Ban abroad looms over a spring ritual

EU decision to bar atrazine puts focus on herbicide's use here


As birds sang in blossoming pear trees outside the McGinnis farmhouse in northern Baltimore County, a tanker truck with a 75-foot-wide boom rumbled across the family's fields, spraying chemicals.

The nozzles were shooting phosphorus to fertilize the cornfield. In a few days, workers plan to make a second pass to spray atrazine, a herbicide that kills thistle and other weeds that sprout between rows.

About 75 percent of American corn farmers over the past half-century have made a springtime ritual out of spraying atrazine, using about 70 million pounds every year as a labor-saving alternative to tilling to remove weeds. Farmers such as Wayne McGinnis argue that it is harmless and makes their farms more productive.

But as the European Union prepares to ban the herbicide by 2007, renewed attention is being focused on its safety here. The EU decided to take the chemical off the market as a precaution after it was detected in drinking water. Environmental groups in the U.S. have filed lawsuits claiming that the compound should be banned here because researchers not only have detected it in drinking water, but also have linked atrazine to deformities in frogs and lower sperm counts in men.

To settle one of the lawsuits, the Environmental Protection Agency agreed last month to study whether atrazine is killing loggerhead turtles and other endangered species in the Chesapeake Bay.

"The potential impact of atrazine is very big," said Tyrone Hayes, a professor at the University of California, Berkeley who has studied the compound. "We see a chemical castration of amphibians, through a loss of testosterone. This is an indicator that we all need to be very concerned."

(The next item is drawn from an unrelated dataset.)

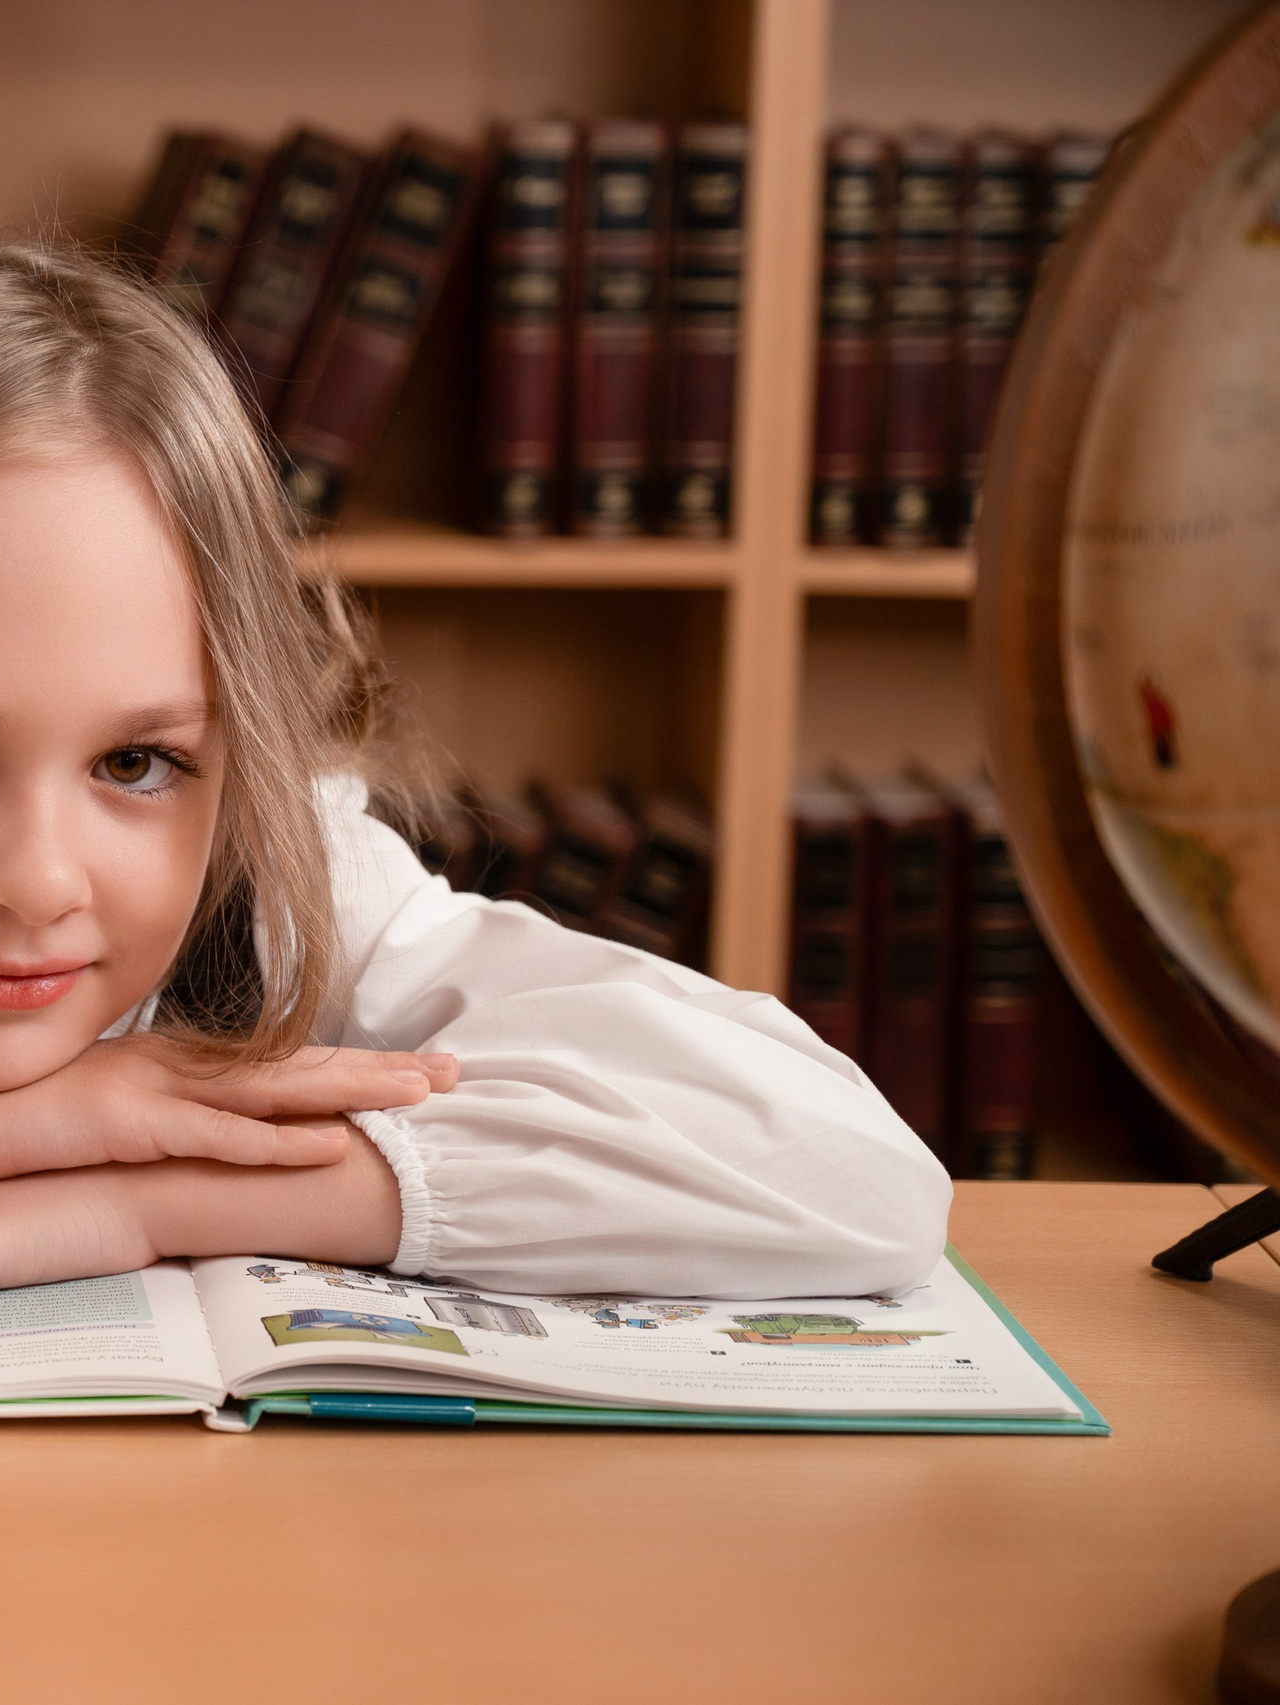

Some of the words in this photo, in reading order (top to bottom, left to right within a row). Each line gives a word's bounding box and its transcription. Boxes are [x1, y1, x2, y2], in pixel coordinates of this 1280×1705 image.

[97, 1353, 164, 1362] Бумагу
[711, 1382, 824, 1393] бумажному
[859, 1386, 998, 1394] Переработка:

Hayes' research concluded that atrazine is sterilizing male frogs and contributing to a decrease in the number of amphibians worldwide. He said other researchers have published studies associating exposure to the herbicide with higher rates of prostate cancer in men.

The EPA believes that atrazine is not likely to cause cancer in humans, and that it is "unlikely there are significant adverse ecological effects" from using the herbicide properly, said Steven Bradbury, director of a division of the EPA's office of pesticide programs.

But the federal agency believes Hayes' study and others are enough to suggest "it's a reasonable hypothesis" that amphibians might be harmed by the herbicide, Bradbury said. The question deserves further study, he said.

The leading manufacturer of the liquid compound denies it hurts humans or wildlife.

"The EPA has determined that it would not pose adverse effects to humans or the environment if it's used according to label," said Sherry Ford, spokeswoman for an American branch of the Swiss firm Syngenta, "which means not going over the amount specified on the label."

To McGinnis and other farmers, calls for a ban on atrazine do not make sense because they have been using it for decades without obvious harm.

McGinnis, 69, said he has been spraying atrazine on his family's 1,200 acres for three decades. He said his family is in its sixth generation of good health on the farm, with his parents living into their 90s.

"We are right in the middle of spraying this stuff. If it was going to hurt anybody, it would hurt us," McGinnis said, as he played with his 3-year-old granddaughter in front of the family's almost 200-year-old, stone-and-wood farmhouse.

His son, Jay McGinnis, 38, said the frogs are so numerous in the pond in front of their home that guests have a hard time sleeping at night because the chirping is so loud.

"The frogs are everywhere," said Jay McGinnis, who gave up a career as a mortgage broker to help keep alive his family's farm near White Hall. "If you come out here, you can hear them singing all night long."

The farming industry, which has employed former Senate Majority Leader Bob Dole to lobby for the continued approval of atrazine, has argued that growers would lose at least $1 billion a year if the chemical were banned.

Wayne McGinnis said eliminating atrazine might also hurt the Chesapeake Bay. The chemical kills weeds so efficiently it allows "no till" farming, he said. That means tractors don't need to pull claw-like devices through the fields twice each spring to rip up weeds. That process digs up soil that runs with rainfall into nearby streams and, eventually, the bay.

"Without atrazine, it would mean more time and labor, an increase in fuel use to till the fields, and more sediments running into our streams and reservoirs," Wayne McGinnis said.

Donald Boesch, president of the University of Maryland Center for Environmental Sciences, said farmers are right when they say that "no till" agriculture helps keep mud and silt out of the Chesapeake Bay. But Boesch added that "the jury's still out" on whether trace levels of the herbicide harm marine life.